Déception, parce que les premiers chasseurs de phoques ont tourné, tourné autour de l’île avant de trouver la rade qui abritera leurs fragiles embarcations. L’étroit chenal qui menait à cet abri, les Portes de l’Enfer, s’appelle aujourd’hui les Soufflets de Neptune..

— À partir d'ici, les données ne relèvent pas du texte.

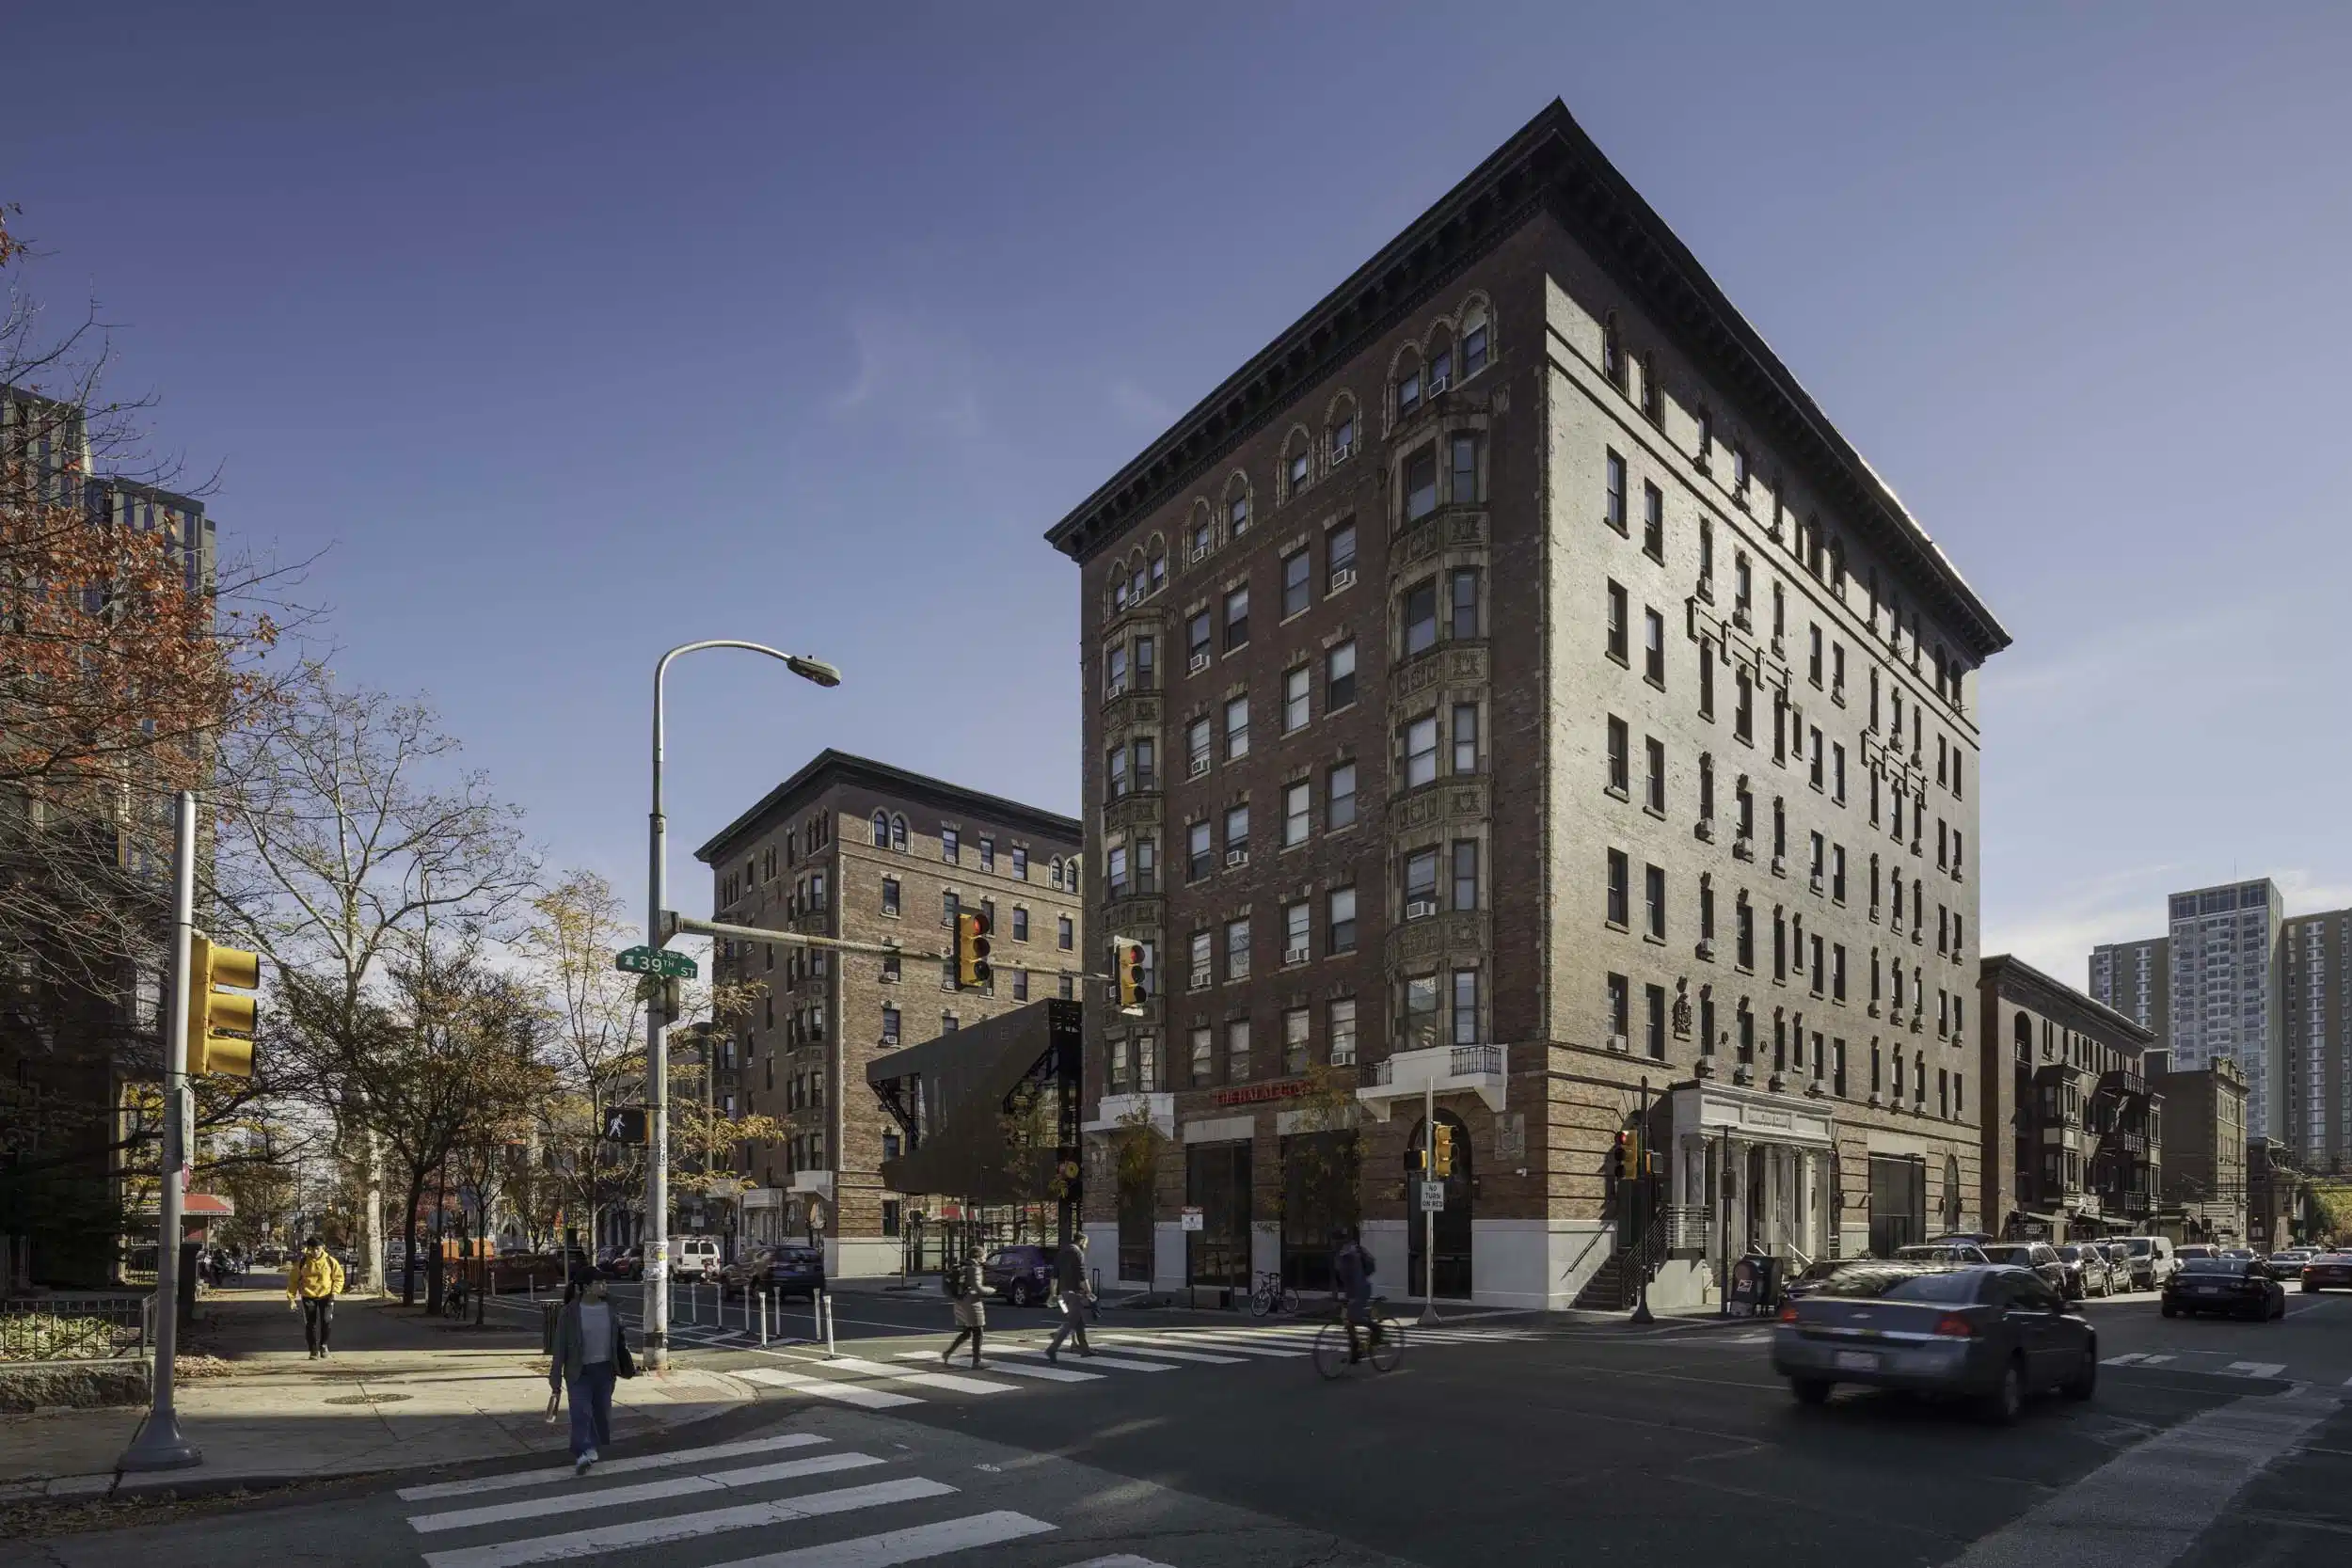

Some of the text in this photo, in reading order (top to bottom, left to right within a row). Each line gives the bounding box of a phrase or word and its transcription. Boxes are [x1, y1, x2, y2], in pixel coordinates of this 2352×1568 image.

[657, 949, 663, 958] S
[639, 956, 695, 977] 39TH ST
[1238, 1083, 1277, 1103] HALAL

Des collines ocre, rouge, noir, saupoudrees de neige, entourent les restes d’un cratère recouvert de cendres, témoin dune énorme éruption volcanique. Tout autour, nichent pétrels-tempête et pigeons du Cap. Escale dans la Baie de Pandoulou envahie par la fumée, tiède à souhait,prête à accueillir les courageux. L’eau n’est chaude que superficiellement et la baignade est agréable malgré tout ! A la sortie de l’eau, il faut affronter les -2° ; un bon bouillon chaud transporté depuis le bateau réconfortera les baigneurs et les autres !
Nous avons vu les restes de bases et d’une usine baleinière prospère abandonnées à la suite d’éruptions.
CANAL DE LEMAIRE et PORT LOCKROY Entrée inoubliable dans le Canal , le paysage est magnifique.

2 heures après, nous arrivions à l’île de HOVGAARD. C’est une région où se sont produits des soulèvements importants parallélement à la Péninsule, d’où faille et extraordinaire vallée sous-marine. Toute la côte en témoigne.
Le Commandant Charcot et son « Pourquoi pas ? » fit escale à Port Lockroy en 1903-1905.
Churchill y établit une base secrète pendant la 2° Guerre mondiale..
Aujourd’hui, plus pacifiquement, une vaste roockerie de manchots papous et des cormorans huppés contribuent à donner à la navigation dans ces canaux une majesté impressionnante.
Et c’est là que l’Océan Princess a jeté l’ancre ce 31 décembre 1991.
pour fêter le Nouvel An. ! Nous avons eu la joie d’échanger nos vœux avec Jean-Louis Etienne, dont nous pouvions apercevoir le bateau.. Il était là avec des étudiants passionnés par ses travaux..
A ce propos, j’ajoute pour ceux qui s’intéressent « à la gestion de l’Extraordinaire » : lire les articles de J.L.Etienne parus dans « Arts et Manufactures »(Ecole Centrale de Paris) n°403 déc 1988 n° spécial
« La Transantarctica ». A noter, dans ce même n°, un article de Paul Emile Victor. Dépassés, ces articles ? Ecrits avant 1991, date importante pour l’Antarctique, il est intéressant de s’y référer.
Les vœux que nous avions échangés cette nuit là avec une certaine solennité dictée par les circonstances, ils s’adressaient surtout à ce Continent dont dépend beaucoup notre avenir.
Pour prolonger ces vœux et leur donner un décor, montée seule sur le pont, j’ai pu admirer la Croix du Sud.